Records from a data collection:
——————

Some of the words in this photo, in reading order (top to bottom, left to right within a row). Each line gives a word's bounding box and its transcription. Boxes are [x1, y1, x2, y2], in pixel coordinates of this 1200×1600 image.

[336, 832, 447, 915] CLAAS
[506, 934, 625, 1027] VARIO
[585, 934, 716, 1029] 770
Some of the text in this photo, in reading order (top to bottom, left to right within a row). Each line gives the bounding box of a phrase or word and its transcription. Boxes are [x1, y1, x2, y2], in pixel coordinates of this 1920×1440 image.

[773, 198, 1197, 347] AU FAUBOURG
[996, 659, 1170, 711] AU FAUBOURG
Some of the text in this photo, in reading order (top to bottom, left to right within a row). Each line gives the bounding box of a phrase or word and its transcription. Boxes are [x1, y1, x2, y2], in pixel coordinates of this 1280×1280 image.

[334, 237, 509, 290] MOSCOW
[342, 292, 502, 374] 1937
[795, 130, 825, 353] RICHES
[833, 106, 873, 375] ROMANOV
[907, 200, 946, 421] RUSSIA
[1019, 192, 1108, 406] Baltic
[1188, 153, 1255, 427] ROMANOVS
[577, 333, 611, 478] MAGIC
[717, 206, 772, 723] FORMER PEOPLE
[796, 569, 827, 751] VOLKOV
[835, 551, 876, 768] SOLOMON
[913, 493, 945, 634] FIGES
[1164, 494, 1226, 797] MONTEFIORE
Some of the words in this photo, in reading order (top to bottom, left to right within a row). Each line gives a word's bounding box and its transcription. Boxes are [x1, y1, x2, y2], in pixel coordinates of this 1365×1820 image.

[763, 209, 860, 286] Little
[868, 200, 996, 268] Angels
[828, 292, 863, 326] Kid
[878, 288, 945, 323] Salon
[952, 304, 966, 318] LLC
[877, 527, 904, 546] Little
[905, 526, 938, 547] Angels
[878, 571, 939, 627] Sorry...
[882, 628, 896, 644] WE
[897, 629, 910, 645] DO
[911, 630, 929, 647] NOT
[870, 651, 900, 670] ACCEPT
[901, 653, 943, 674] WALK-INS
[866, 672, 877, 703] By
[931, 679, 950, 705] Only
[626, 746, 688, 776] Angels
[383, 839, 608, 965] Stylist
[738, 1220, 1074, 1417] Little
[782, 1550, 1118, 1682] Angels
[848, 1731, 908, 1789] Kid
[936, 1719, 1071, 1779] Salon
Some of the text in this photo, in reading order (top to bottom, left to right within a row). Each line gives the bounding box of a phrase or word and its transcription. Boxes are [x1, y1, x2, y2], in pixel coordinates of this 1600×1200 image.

——————

Exercise details: The answer should reproduce each entry above in full.

Problem solution:
Some of the words in this photo, in reading order (top to bottom, left to right within a row). Each line gives a word's bounding box and its transcription. Boxes are [x1, y1, x2, y2], in pixel coordinates of this 1200×1600 image.

[336, 832, 447, 915] CLAAS
[506, 934, 625, 1027] VARIO
[585, 934, 716, 1029] 770
Some of the text in this photo, in reading order (top to bottom, left to right within a row). Each line gives the bounding box of a phrase or word and its transcription. Boxes are [x1, y1, x2, y2], in pixel coordinates of this 1920×1440 image.

[773, 198, 1197, 347] AU FAUBOURG
[996, 659, 1170, 711] AU FAUBOURG
Some of the text in this photo, in reading order (top to bottom, left to right within a row). Each line gives the bounding box of a phrase or word and its transcription. Boxes are [x1, y1, x2, y2], in pixel coordinates of this 1280×1280 image.

[334, 237, 509, 290] MOSCOW
[342, 292, 502, 374] 1937
[795, 130, 825, 353] RICHES
[833, 106, 873, 375] ROMANOV
[907, 200, 946, 421] RUSSIA
[1019, 192, 1108, 406] Baltic
[1188, 153, 1255, 427] ROMANOVS
[577, 333, 611, 478] MAGIC
[717, 206, 772, 723] FORMER PEOPLE
[796, 569, 827, 751] VOLKOV
[835, 551, 876, 768] SOLOMON
[913, 493, 945, 634] FIGES
[1164, 494, 1226, 797] MONTEFIORE
Some of the words in this photo, in reading order (top to bottom, left to right within a row). Each line gives a word's bounding box and its transcription. Boxes are [x1, y1, x2, y2], in pixel coordinates of this 1365×1820 image.

[763, 209, 860, 286] Little
[868, 200, 996, 268] Angels
[828, 292, 863, 326] Kid
[878, 288, 945, 323] Salon
[952, 304, 966, 318] LLC
[877, 527, 904, 546] Little
[905, 526, 938, 547] Angels
[878, 571, 939, 627] Sorry...
[882, 628, 896, 644] WE
[897, 629, 910, 645] DO
[911, 630, 929, 647] NOT
[870, 651, 900, 670] ACCEPT
[901, 653, 943, 674] WALK-INS
[866, 672, 877, 703] By
[931, 679, 950, 705] Only
[626, 746, 688, 776] Angels
[383, 839, 608, 965] Stylist
[738, 1220, 1074, 1417] Little
[782, 1550, 1118, 1682] Angels
[848, 1731, 908, 1789] Kid
[936, 1719, 1071, 1779] Salon
Some of the text in this photo, in reading order (top to bottom, left to right within a row). Each line gives the bounding box of a phrase or word and its transcription. Boxes are [x1, y1, x2, y2], in pixel coordinates of this 1600×1200 image.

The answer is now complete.